Bayesianism is currently one of the leading ways of scientific thinking. Due to its novelty, the paradigm still has many interpretations, in particular with regard to the notion of “prior distribution”. In this chapter, Bayesianism is introduced within the historical context of the evolving notions of scientific reasoning such as inductionism, deductions, falsificationism and paradigms. From these notions, the current use of Bayesianism in the geosciences is elaborated from the viewpoint of uncertainty quantification, which has considerable relevance to practical applications of geosciences such as in oil/gas, groundwater, geothermal energy or contamination. The chapter concludes with some future perspectives on building realistic prior distributions for such applications.

Part IV - Reviews | Pp. 527-566

Geological Objects and Physical Parameter Fields in the Subsurface: A Review

Guillaume Caumon

Geologists and geophysicists often approach the study of the Earth using different and complementary perspectives. To simplify, geologists like to define and study objects and make hypotheses about their origin, whereas geophysicists often see the earth as a large, mostly unknown multivariate parameter field controlling complex physical processes. This chapter discusses some strategies to combine both approaches. In particular, I review some practical and theoretical frameworks associating petrophysical heterogeneities to the geometry and the history of geological objects.
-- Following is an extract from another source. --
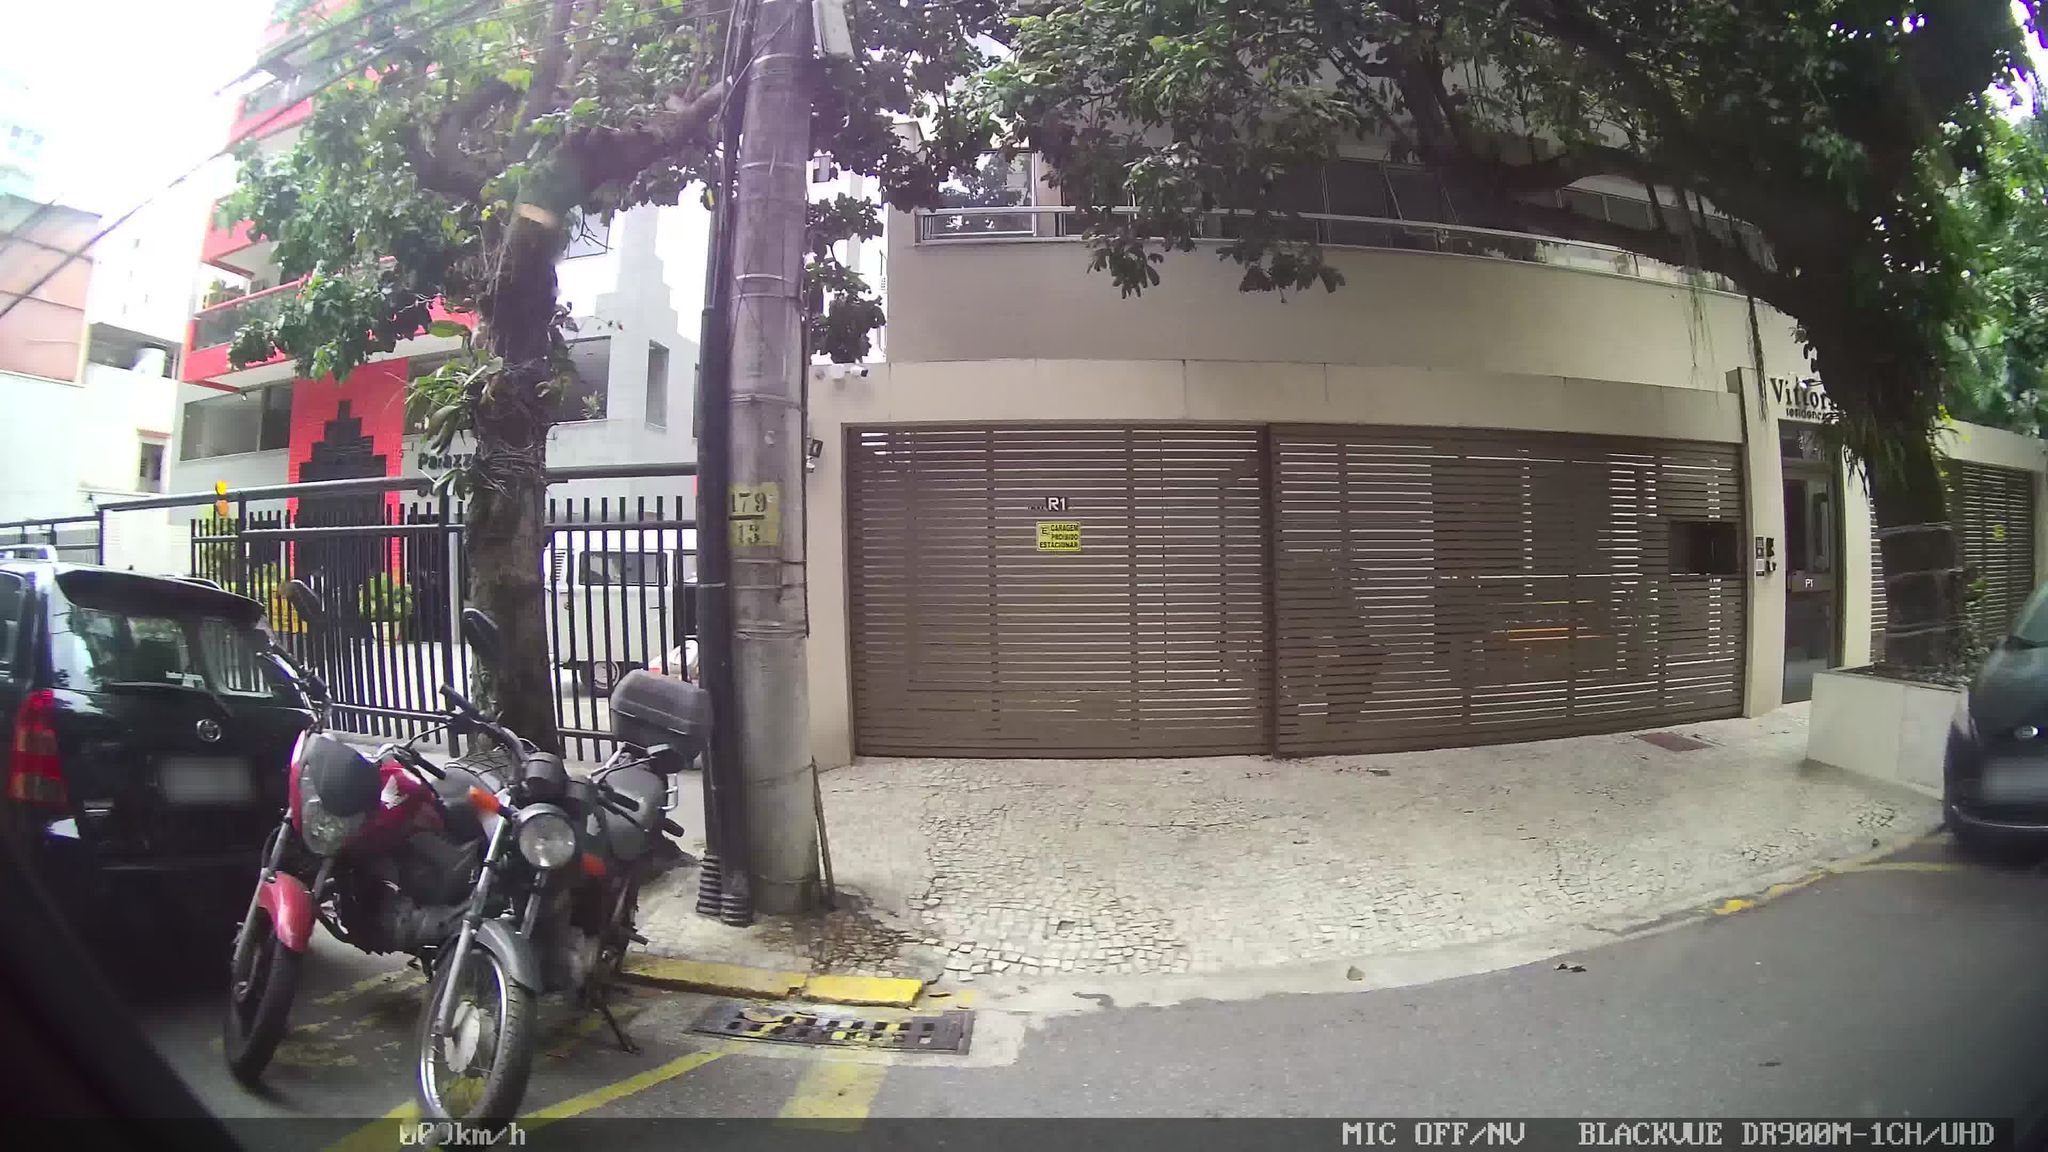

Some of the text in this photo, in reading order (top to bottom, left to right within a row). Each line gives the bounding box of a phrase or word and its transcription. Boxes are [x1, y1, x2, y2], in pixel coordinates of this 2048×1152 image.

These frameworks open interesting perspectives to define prior parameter space in geophysical inverse problems, which can be consequential in under-constrained cases.

Part IV - Reviews | Pp. 567-588

Fifty Years of Kriging

Jean-Paul Chilès; Nicolas Desassis

Random function models and kriging constitute the core of the geostatistical methods created by Georges Matheron in the 1960s and further developed at the research center he created in 1968 at Ecole des Mines de Paris, Fontainebleau. Initially developed to avoid bias in the estimation of the average grade of mining panels delimited for their exploitation, kriging received progressively applications in all domains of natural resources evaluation and earth sciences, and more recently in completely new domains, for example, the design and analysis of computer experiments (DACE). While the basic theory of kriging is rather straightforward, its application to a large diversity of situations requires extensions of the random function models considered and sound solutions to practical problems. This chapter presents the origins of kriging as well as the development of its theory and its applications along the last fifty years. More details are given for methods presently in development to efficiently handle kriging in situations with a large number of data and a nonstationary behavior, notably the Gaussian Markov random field (GMRF) approximation and the stochastic partial differential (SPDE) approach, with a synthetic case study concerning the latter.

Part IV - Reviews | Pp. 589-612

Multiple Point Statistics: A Review

Pejman Tahmasebi

Geostatistical modeling is one of the most important tools for building an ensemble of probable realizations in earth science. Among them, multiple-point statistics (MPS) has recently gone under a remarkable progress in handling complex and more realistic phenomenon that can produce large amount of the expected uncertainty and variability. Such progresses are mostly due to the recent increase in more advanced computational techniques/power. In this review chapter, the recent important developments in MPS are thoroughly reviewed. Furthermore, the advantages and disadvantages of each method are discussed as well. Finally, this chapter provides a brief review on the current challenges and paths that might be considered as future research.